Friday, July 15, 2011

The lady in the teardrop dress

Ever remember something from a dream, or series of dreams, that you had as a little kid?  Last week, as I was driving home from visiting my friend Linda in hospice (see my last post), a memory pushed its way into my consciousness for the first time in many decades. 

I don't really remember my dreams.  If I had to list every dream that I can remember, there may be two or three, total.  And with all the chemotherapy I've had in the last two years, "chemo brain" has really taken its toll.  (See my Jan. 19, 2010 post on this subject.)  But that day, thinking about Linda, I remembered my dreams about the lady in the teardrop dress.  I must have been about five or six when I had them.  All I remember is that she was really nice and pretty, she wore a teardrop shaped dress (whatever that is), which I think was gold, and I was excited whenever she came to me.  I can't remember what she said, what we did or anything else about the dreams. I just knew that they were special.

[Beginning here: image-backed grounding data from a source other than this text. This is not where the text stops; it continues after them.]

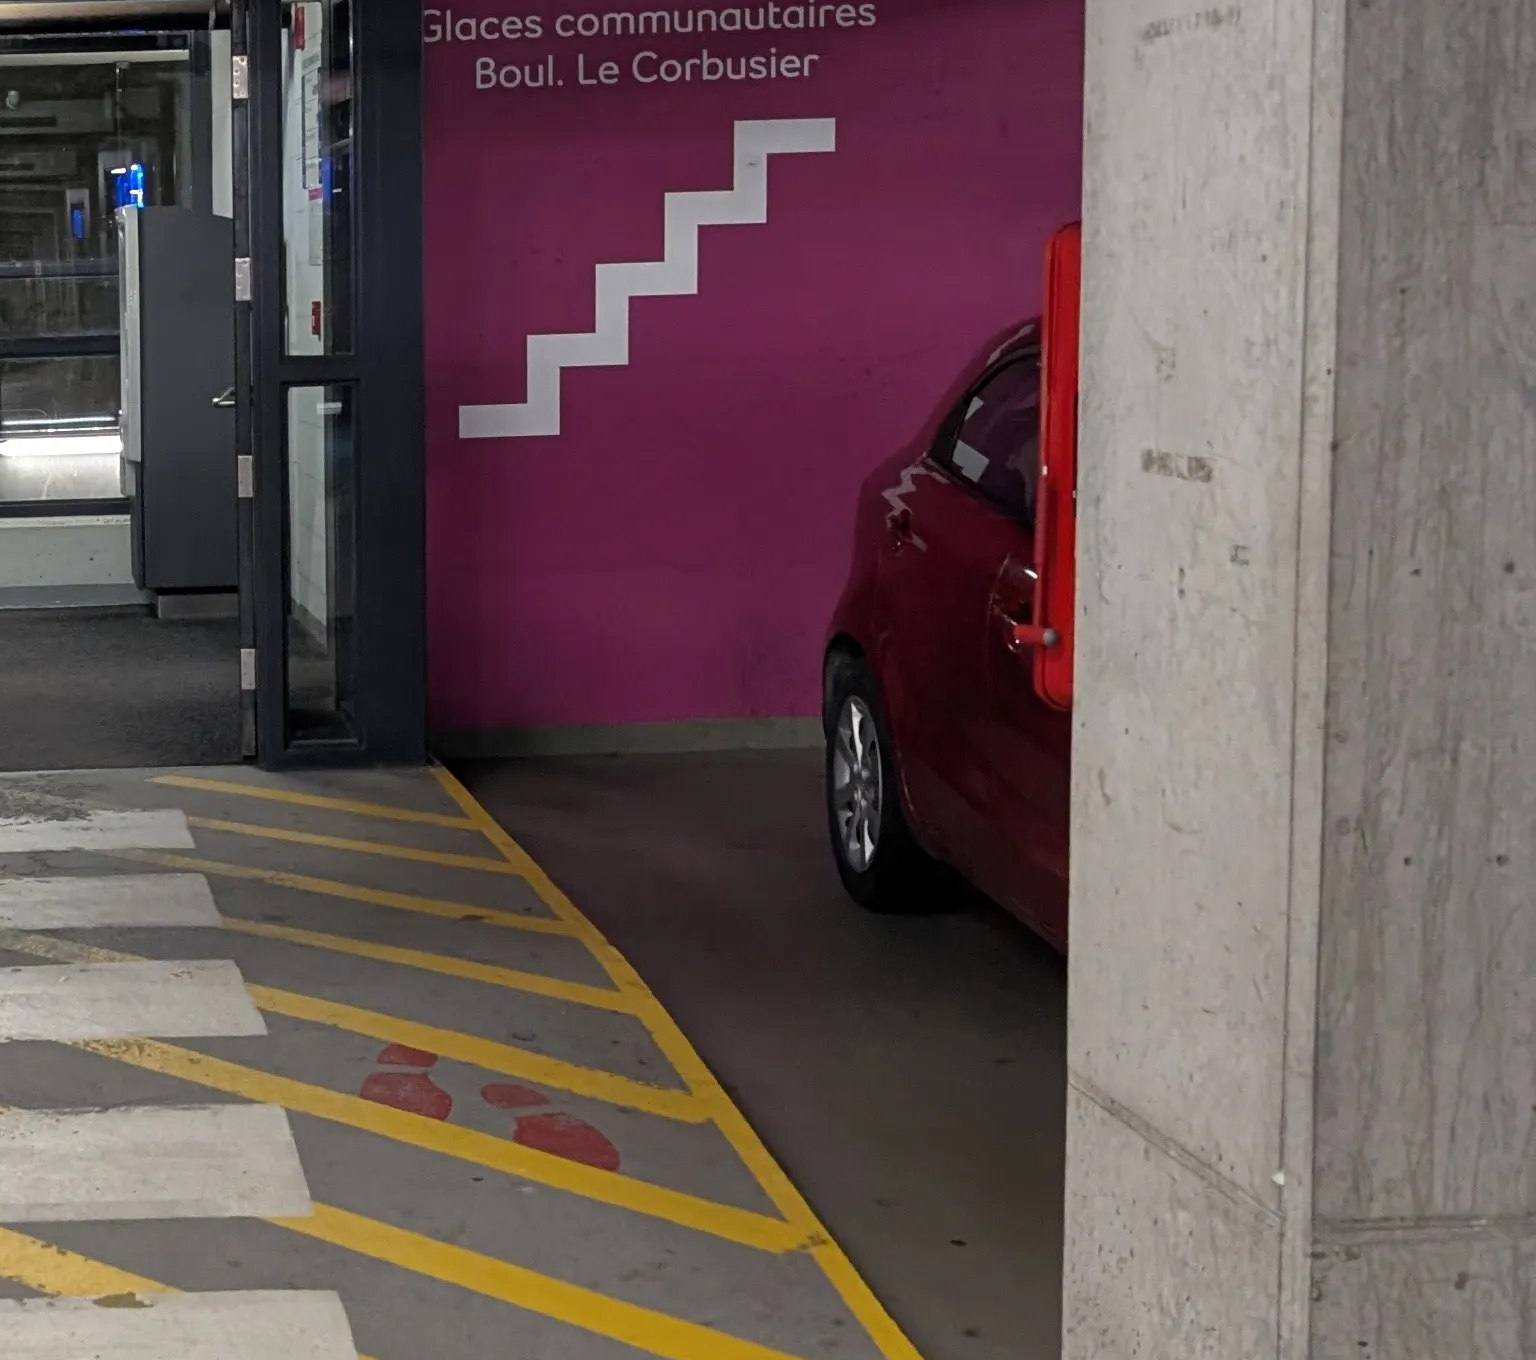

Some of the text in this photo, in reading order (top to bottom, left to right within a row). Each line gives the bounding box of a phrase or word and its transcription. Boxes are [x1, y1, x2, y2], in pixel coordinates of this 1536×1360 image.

[423, 8, 543, 43] Glaces
[475, 47, 819, 89] Boul. Le Corbusier
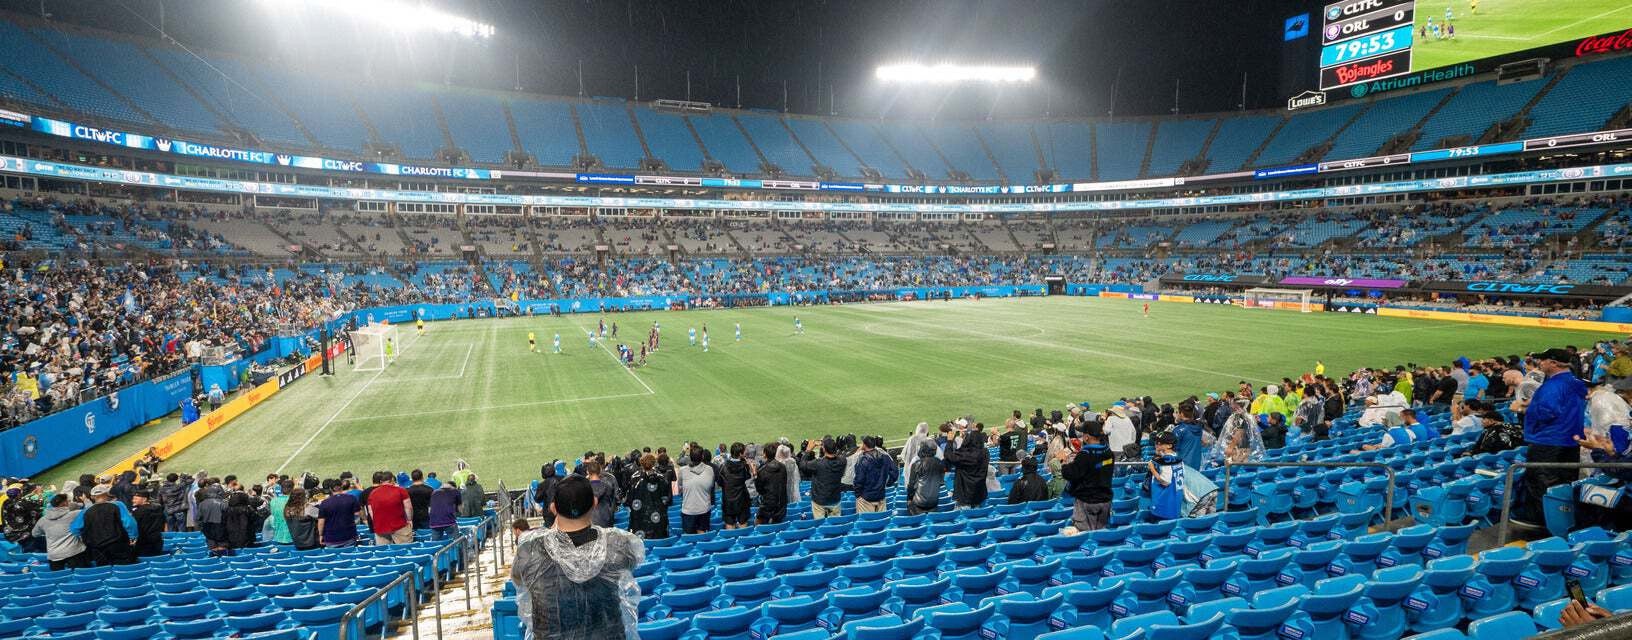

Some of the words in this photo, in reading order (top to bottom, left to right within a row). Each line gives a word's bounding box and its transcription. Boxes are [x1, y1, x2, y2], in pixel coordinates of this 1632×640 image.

[1342, 20, 1370, 34] ORL
[1394, 10, 1405, 21] 0
[1335, 32, 1396, 61] 79:53
[1335, 59, 1393, 84] Bojangles
[1370, 75, 1422, 93] Atrium
[1423, 63, 1475, 82] Health
[1291, 95, 1322, 109] LOWE'S
[1592, 132, 1617, 142] ORL
[187, 144, 248, 160] CHARLOTTE
[250, 152, 264, 161] FC
[1449, 146, 1479, 158] 79:53
[402, 166, 451, 177] CHARLOTTE
[453, 168, 463, 177] FC

When Linda relapsed, I went into a bit of a spin.  Linda's recovery was going great, better than mine.  There was nothing that anyone could have done to prevent her from relapsing, and I knew that it could have been me just as easily as her.  It was very sobering and difficult to process.  But I think that the lady in the teardrop dress came back to me, as a memory this time, to bring me a message of comfort:  I'm going to be ok; she is with me and will stay with me.  Maybe she's an angel.  Maybe I made her up in my dreams as a gift to myself when I was little.  It doesn't matter where she came from.  She helped me focus on the loving aspects of Linda's tragic ordeal.  And there were many.

Linda died earlier this week, on July 11th, in her mid 50s.  Today was the funeral and burial.  As I left the cemetery, her husband, Joe, said, "Kath, you have to beat this thing -- especially now that she's gone."  What Joe didn't know was that, in a private moment with Linda at the hospice center, I made her a promise:  to do all the things that we were planning to do, now for both of us.  We vowed that when we recovered, we would get involved with fundraisers, help with donor drives, educate people about leukemia, help other patients, speak out as much as possible.... I will keep my promise to my friend.

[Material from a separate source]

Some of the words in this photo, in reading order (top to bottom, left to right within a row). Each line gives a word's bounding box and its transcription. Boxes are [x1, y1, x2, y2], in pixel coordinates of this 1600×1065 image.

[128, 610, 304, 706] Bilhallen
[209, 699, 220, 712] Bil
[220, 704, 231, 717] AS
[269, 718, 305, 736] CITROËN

I am indescribably grateful to the Federico family, Joe, Marc, Jon, Michael, Pete and Yolanda, not only for the love and tenderness they had for Linda, but for the love and support they have given me.  They, along with the lady in the teardrop dress, made these last three weeks truly amazing.



  1. God bless.


    My email address is

  2. Hi Kathy--Today, I found your blog. I can't believe I JUST found it today. I too am an ACCB survivor and started a blog when I was diagnosed back in 2007. (I had a mastectomy of my right breast after not getting clean margins from the lumpectomy. My tumor ended up being 6.1 cms.--which is crazy big) My images since diagnosis have all been clear but I still worry, as I am sure we all do. Anyway, I haven't read all your posts yet, but plan to do so soon. I correspond with a few other ACC sisters and am shocked I didn't find your blog sooner. With as rare as this is, writing about it is about the only way to spread the word so I thank you. Your courage in all that you have faced since is AMAZING!!!

  3. Hey Molly,

    I've been following your posts on the Rare Cancer Alliance Forums,, for years! Thanks so much for reaching out. Let's stay in touch.